Mohsina would swallow hard and avert her gaze. She hated this question. It was almost rhetorical. It was a cruel, even if subtle, announcement to all her white and brown-skinned “real” American classmates that she was inauthentic, an imposter. She was born in America and held a blue passport just like they did.

Why should she be put on the spot? “Where is your family from?” she wanted to ask the pale-skinned, blue-eyed professor with dirty blond hair and an overflowing beard; the almond-skinned, dark brown-eyed girl with braids plaited to her scalp and who always kept an iPod hidden on her lap; the tanned, used-to-be-white-skinned redhead who annoyingly picked at the blackheads on her chin—and the rest of the arrogant “Americans” who studied in furtive glances Mohsina’s creamy-coffee complexion and ebony eyes, and could only guess at the length and texture of Mohsina’s dark black hair tucked and hidden beneath the ubiquitous hijab.

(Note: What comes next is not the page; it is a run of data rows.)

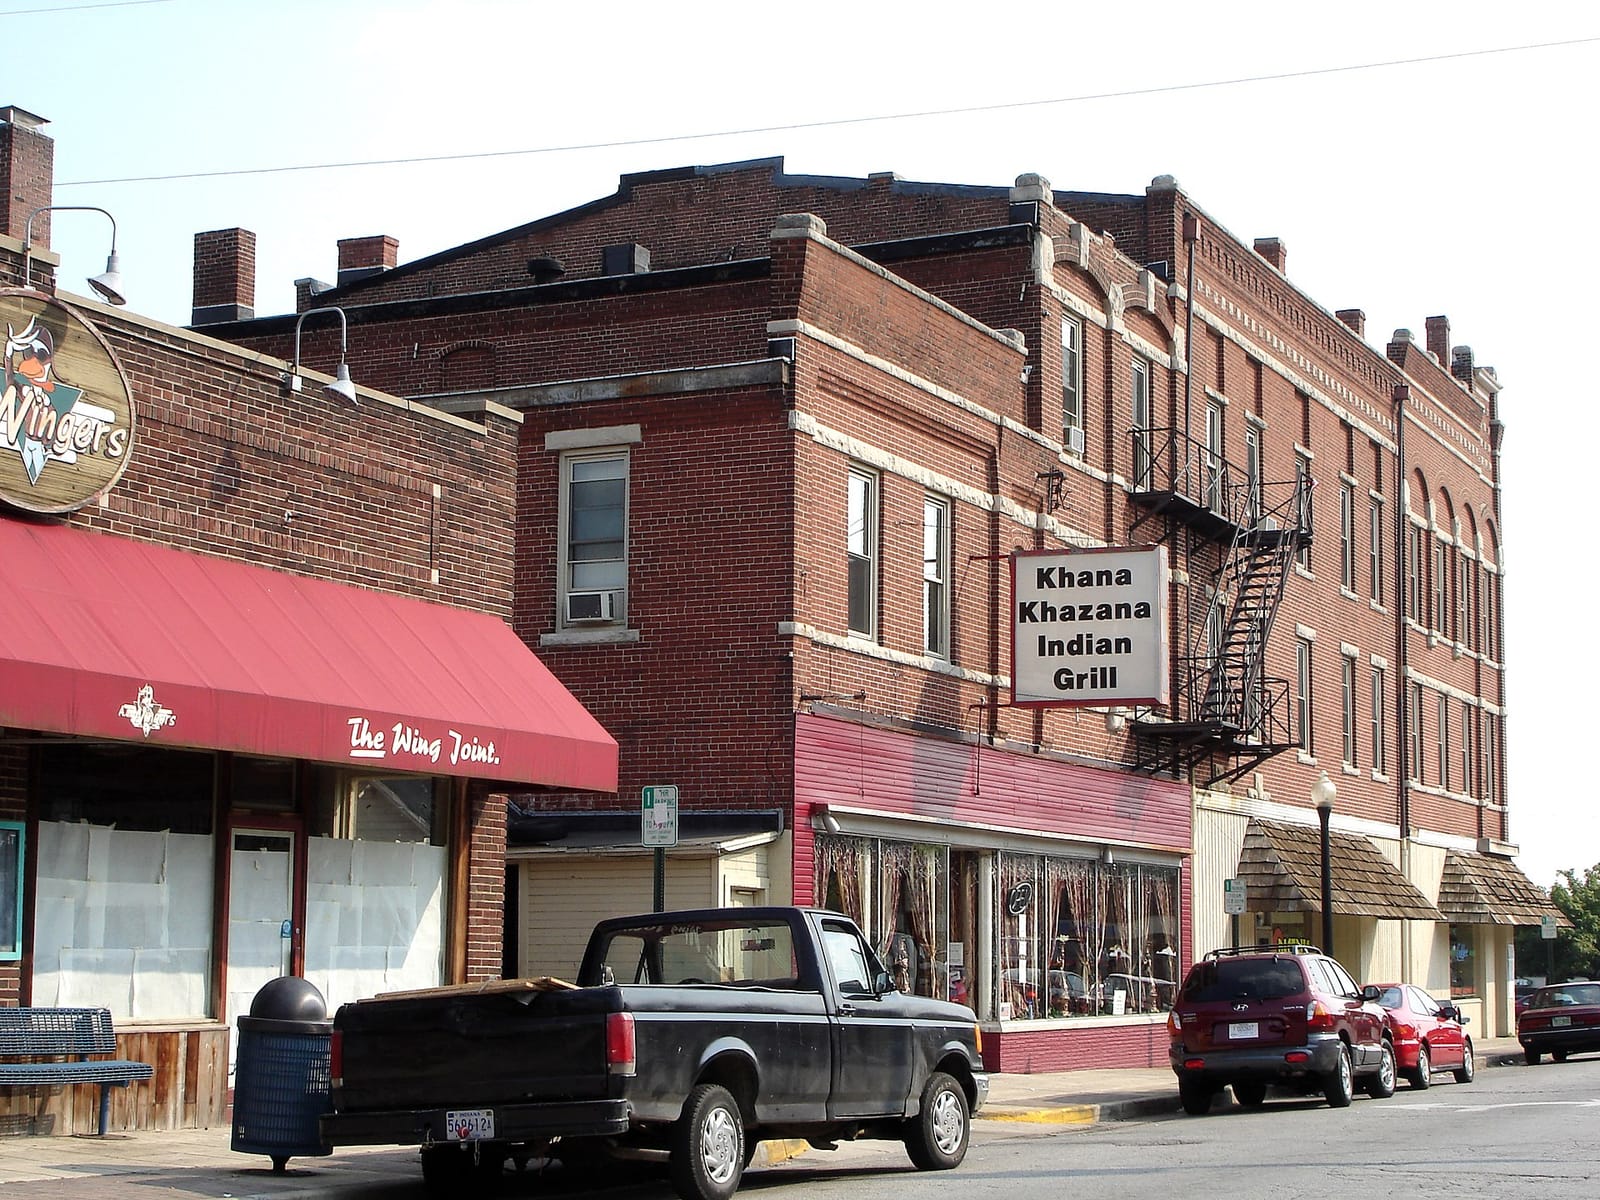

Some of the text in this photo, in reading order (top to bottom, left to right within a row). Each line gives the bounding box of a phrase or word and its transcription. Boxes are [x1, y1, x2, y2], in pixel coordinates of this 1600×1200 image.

[1036, 567, 1132, 589] Khana
[1018, 601, 1151, 624] Khazana
[1037, 634, 1132, 657] Indian
[1053, 666, 1117, 690] Grill
[347, 717, 501, 765] The Wing Joint.
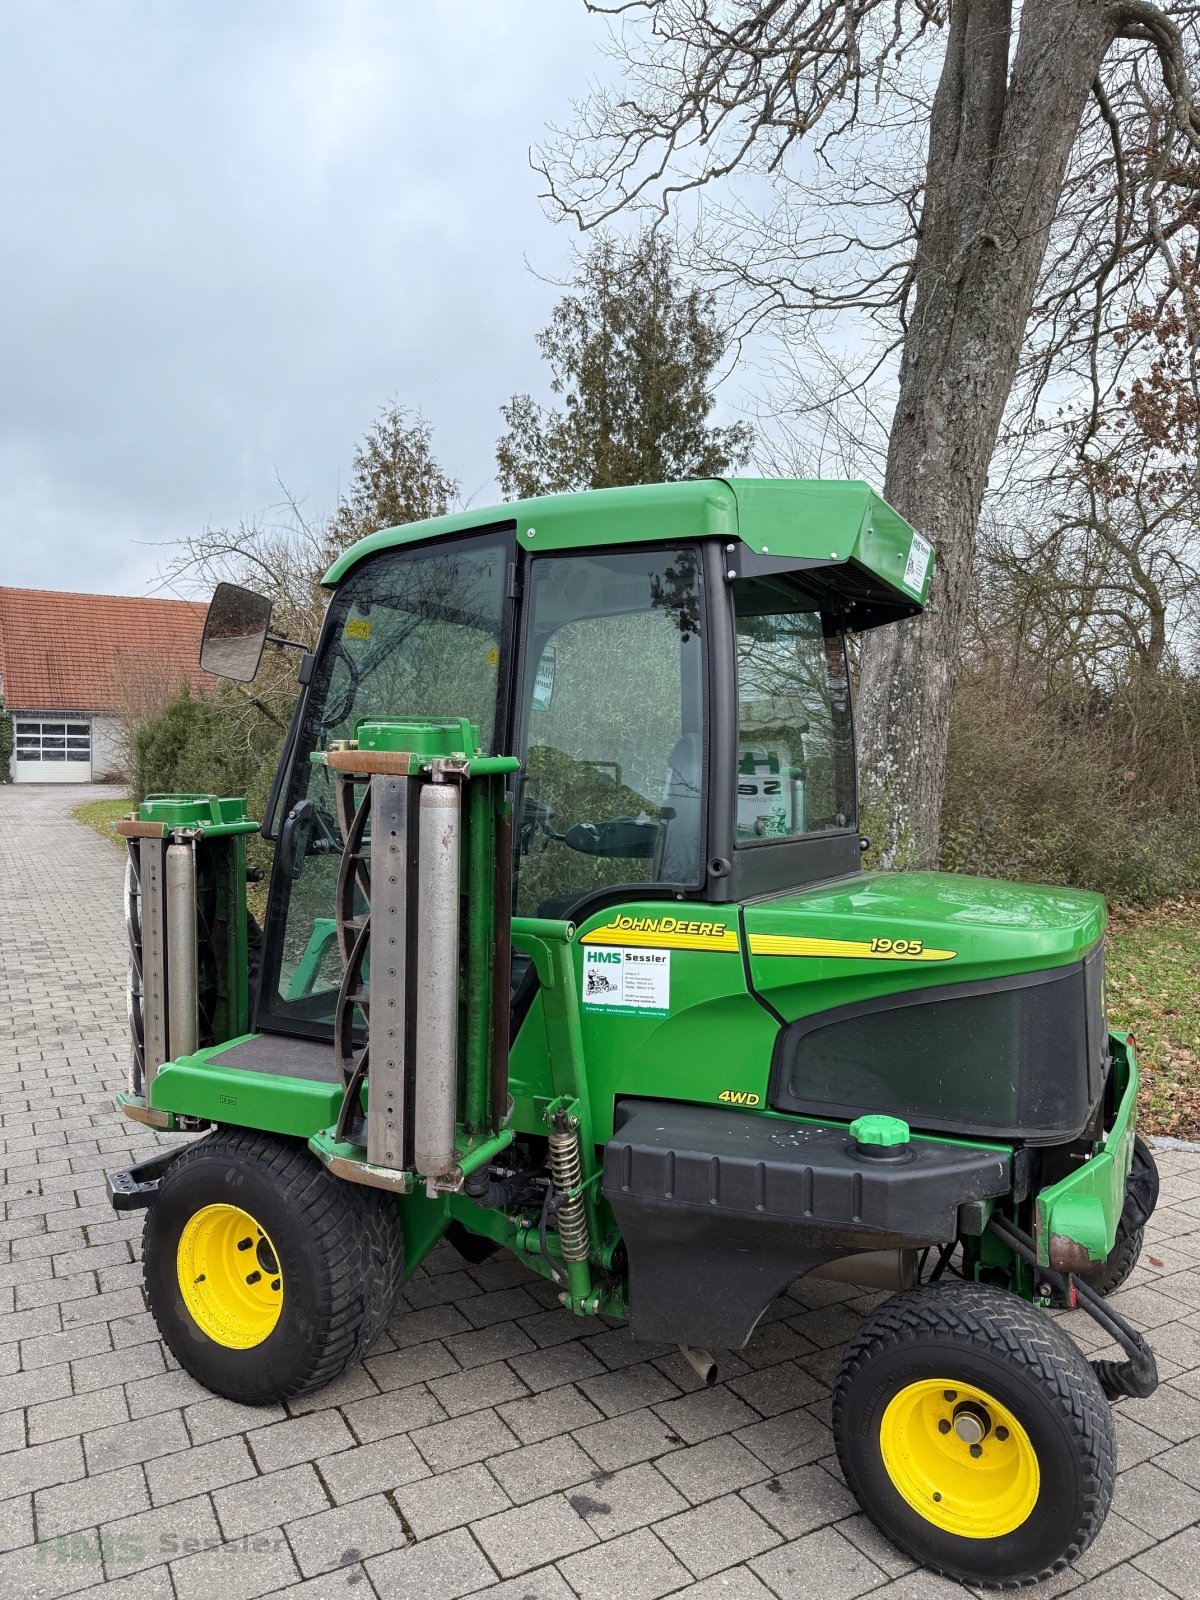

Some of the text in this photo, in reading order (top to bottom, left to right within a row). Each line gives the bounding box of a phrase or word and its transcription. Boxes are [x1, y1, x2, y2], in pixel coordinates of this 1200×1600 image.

No, Mohsina’s parents had not been Americans when their international flight landed in New York twenty years ago. They had been armed only with student visas and pathetic hopes and dreams for something better than “back home” (though that “something better” remained an elusive, if not mysterious, concept to their daughter even nineteen years after her birth only miles from the Statue of Liberty, a birth that allegedly represented the bulk of that “something better”).

Mohsina’s parents had exchanged the student visas for work visas and the work visas for green cards and the green cards for the coveted blue passports. But their only mistake, in Mohsina’s view, was exchanging their student-work-green idealism for the bitter reality they inadvertently signed their children up for even before they were born.

But, yes, Mohsina’s parents were American, just like the families of these snobby students, whose parents’ parents’ great grandparents likely arrived in a less flattering mode of transport than Mohsina’s, though with painstakingly similarly stupid ideas and tragic realities, the former or latter description most fitting depending on whether they arrived in the upper or lower deck.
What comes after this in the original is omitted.